The finished copy must match the records exactly, except that it contains no pictures.
=== Section Start ===
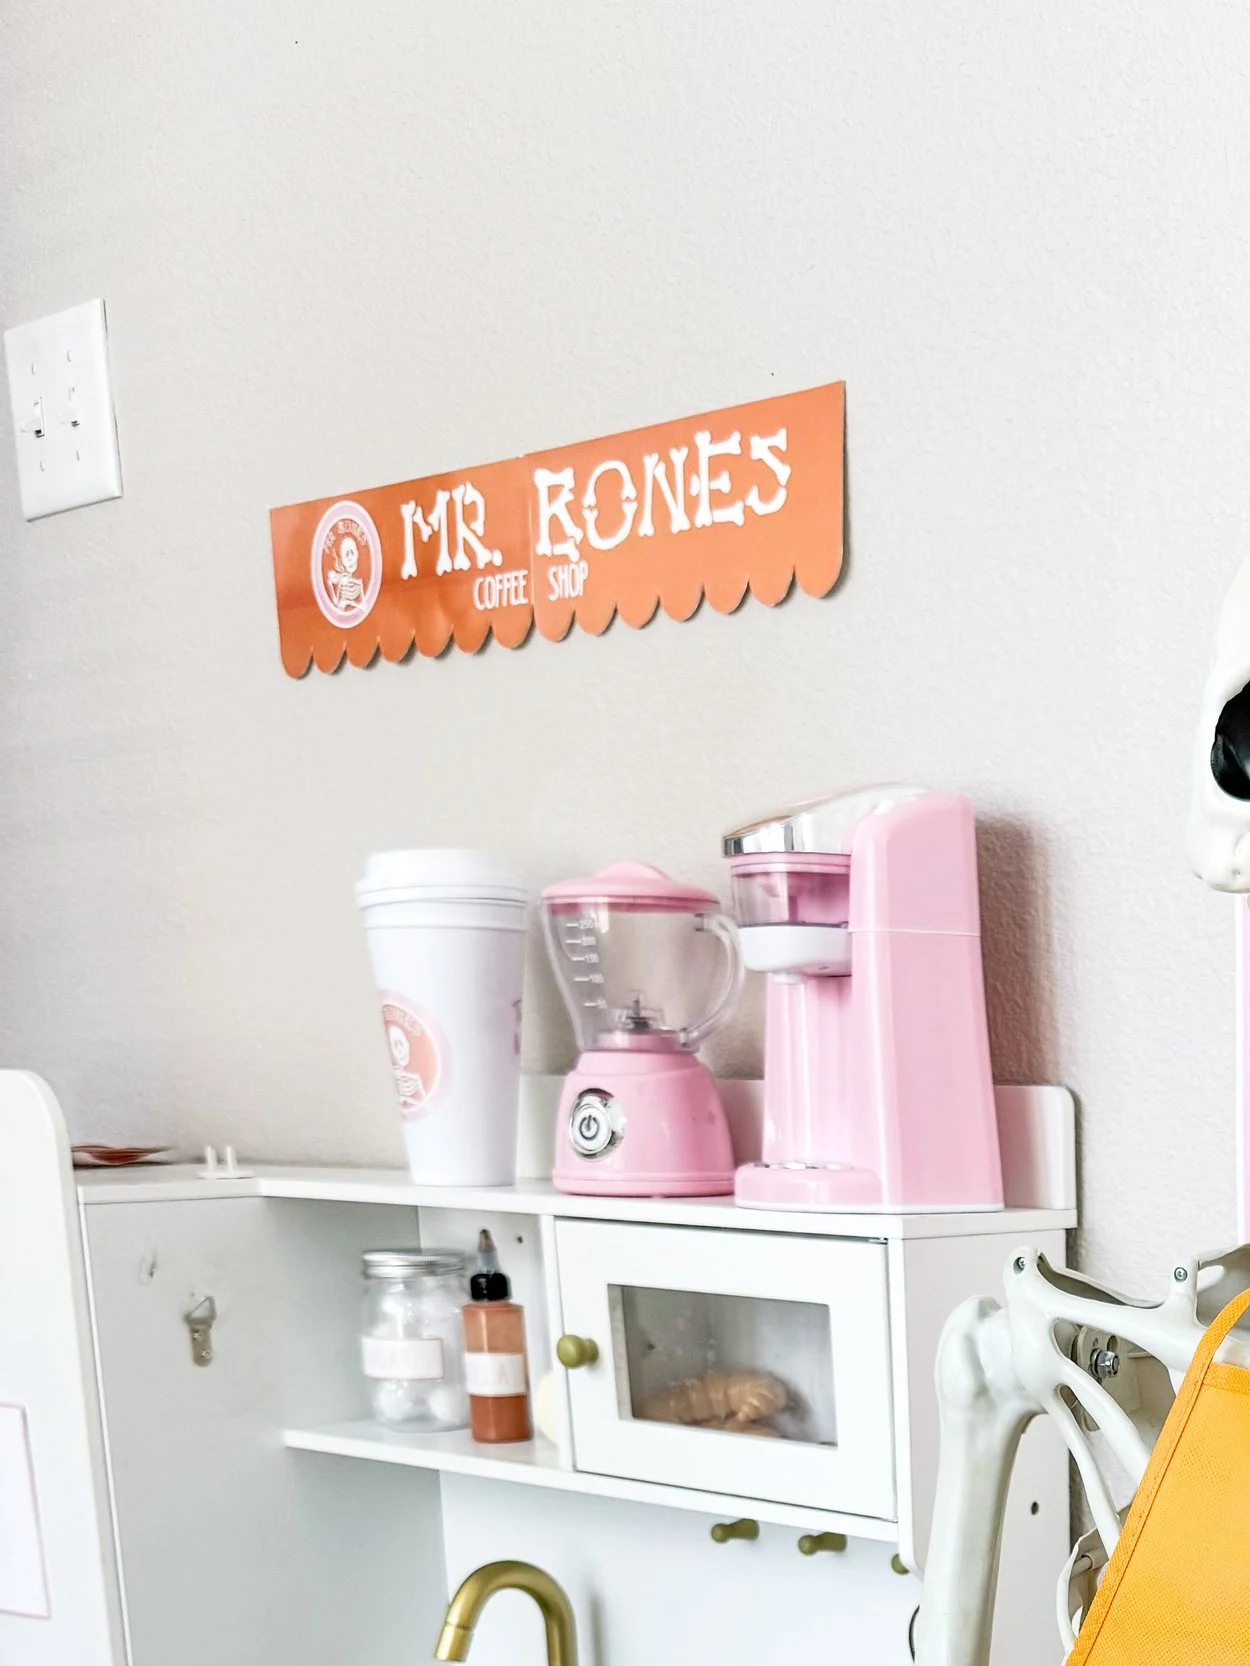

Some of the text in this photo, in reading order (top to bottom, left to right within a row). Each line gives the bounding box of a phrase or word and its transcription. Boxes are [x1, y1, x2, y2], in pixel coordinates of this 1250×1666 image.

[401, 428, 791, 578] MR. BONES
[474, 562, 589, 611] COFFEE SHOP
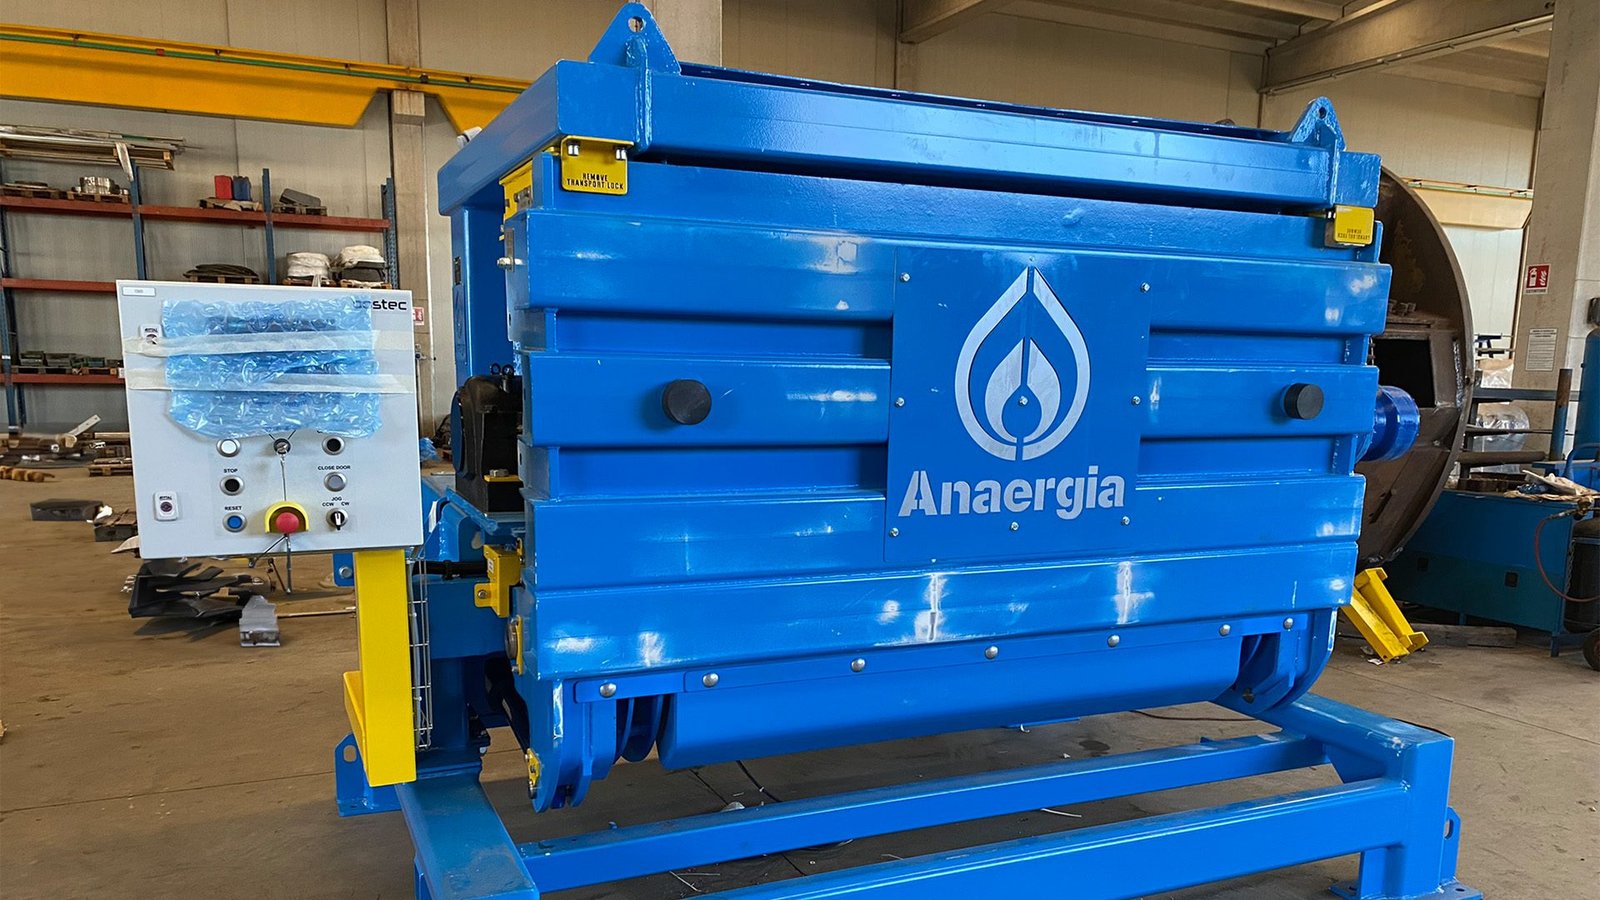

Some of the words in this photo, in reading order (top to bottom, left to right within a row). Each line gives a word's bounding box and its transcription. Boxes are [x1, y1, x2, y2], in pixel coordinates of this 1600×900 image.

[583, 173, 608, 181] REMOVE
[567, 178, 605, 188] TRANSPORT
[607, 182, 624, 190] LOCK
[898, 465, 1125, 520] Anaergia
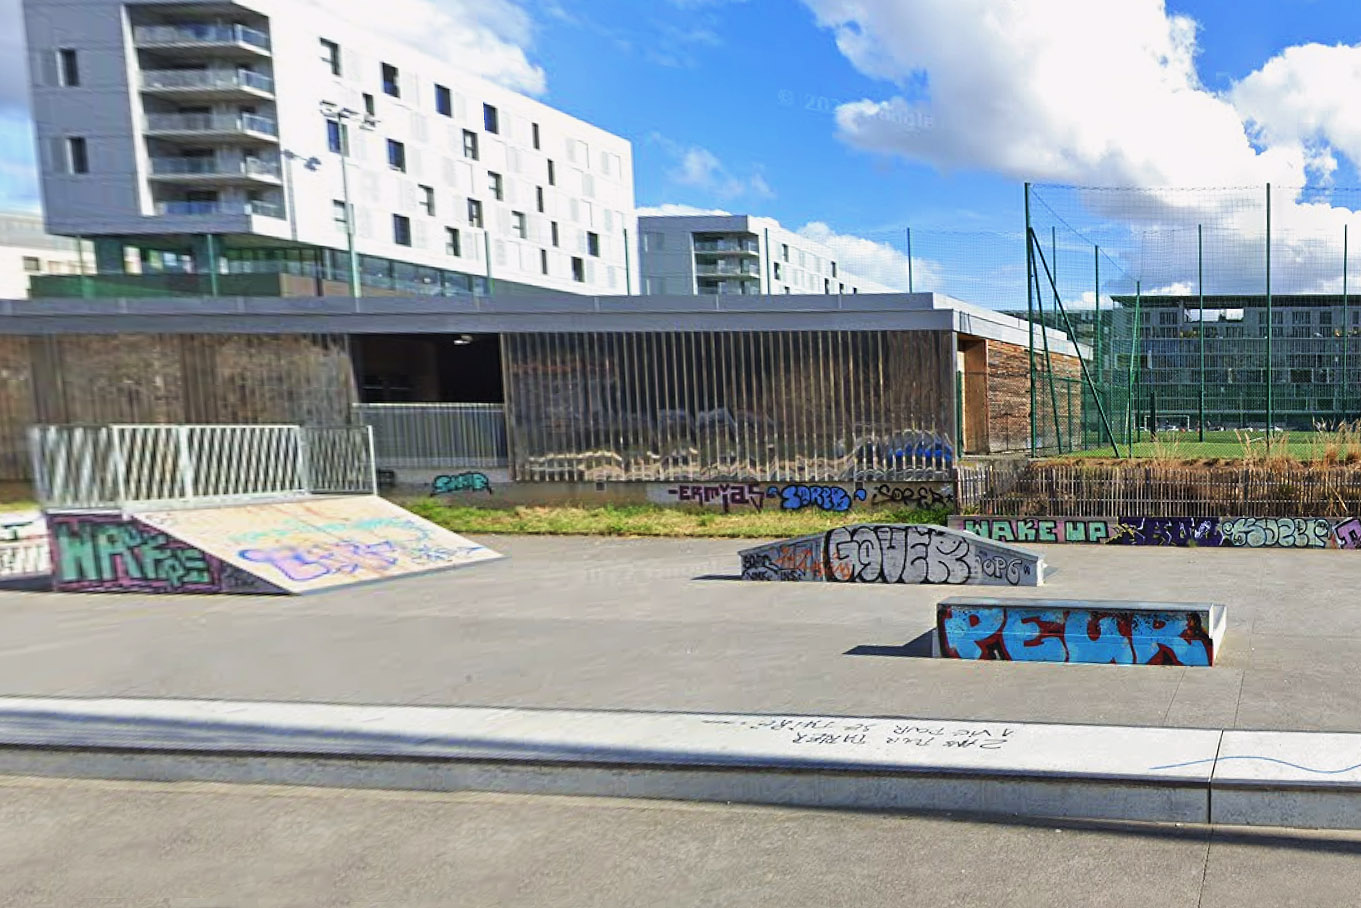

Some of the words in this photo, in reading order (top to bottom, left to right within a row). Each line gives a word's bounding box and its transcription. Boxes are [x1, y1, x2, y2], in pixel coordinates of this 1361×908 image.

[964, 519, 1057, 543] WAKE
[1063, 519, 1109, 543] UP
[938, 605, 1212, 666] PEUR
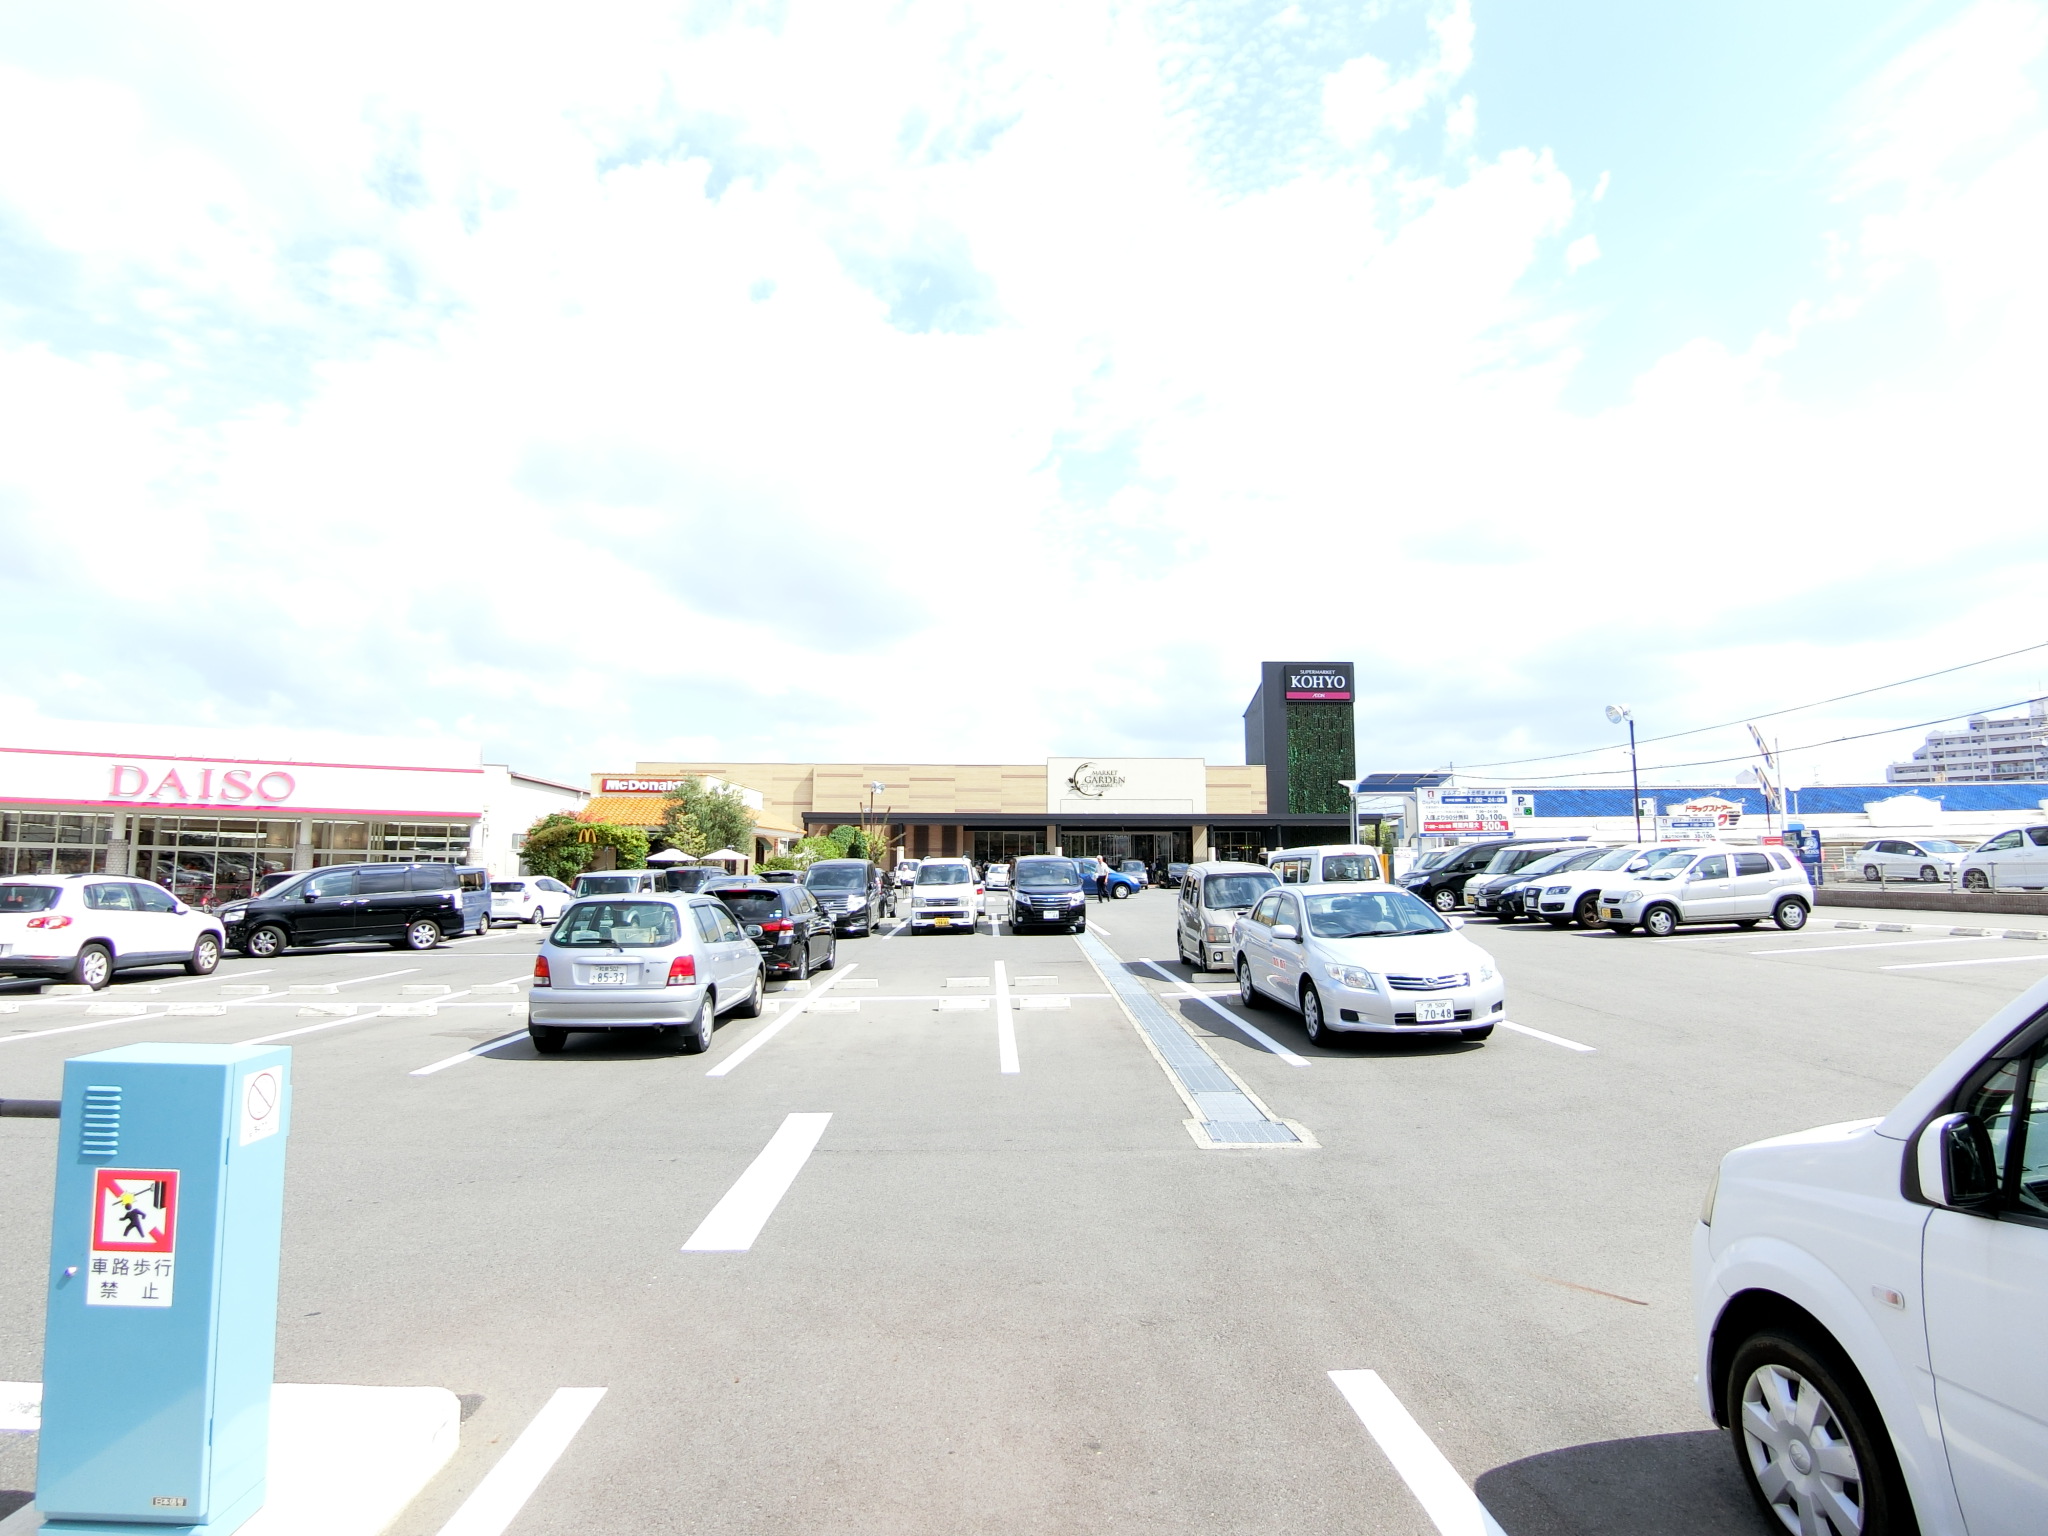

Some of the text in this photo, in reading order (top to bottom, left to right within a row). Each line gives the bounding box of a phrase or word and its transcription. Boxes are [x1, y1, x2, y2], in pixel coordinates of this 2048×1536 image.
=== Section End ===
_Written answer_:
Some of the text in this photo, in reading order (top to bottom, left to right within a row). Each line gives the bounding box of a phrase or word and its transcription. Boxes are [x1, y1, x2, y2], in pixel coordinates of this 1250×1666 image.

[401, 428, 791, 578] MR. BONES
[474, 562, 589, 611] COFFEE SHOP

Some of the words in this photo, in reading order (top to bottom, left to right within a row). Each line gives a word's bounding box and its transcription. Boxes are [x1, y1, x2, y2], in pixel coordinates of this 1600×900 image.

[583, 173, 608, 181] REMOVE
[567, 178, 605, 188] TRANSPORT
[607, 182, 624, 190] LOCK
[898, 465, 1125, 520] Anaergia

Some of the words in this photo, in reading order (top to bottom, left to right within a row). Each line gives a word's bounding box and its transcription. Boxes are [x1, y1, x2, y2], in pixel coordinates of this 1361×908 image.

[964, 519, 1057, 543] WAKE
[1063, 519, 1109, 543] UP
[938, 605, 1212, 666] PEUR

Some of the text in this photo, in reading order (top to bottom, left to right within a row). Each line gives the bounding box of a phrase or word and its transcription. Boxes are [x1, y1, x2, y2], in pixel coordinates of this 2048×1536 image.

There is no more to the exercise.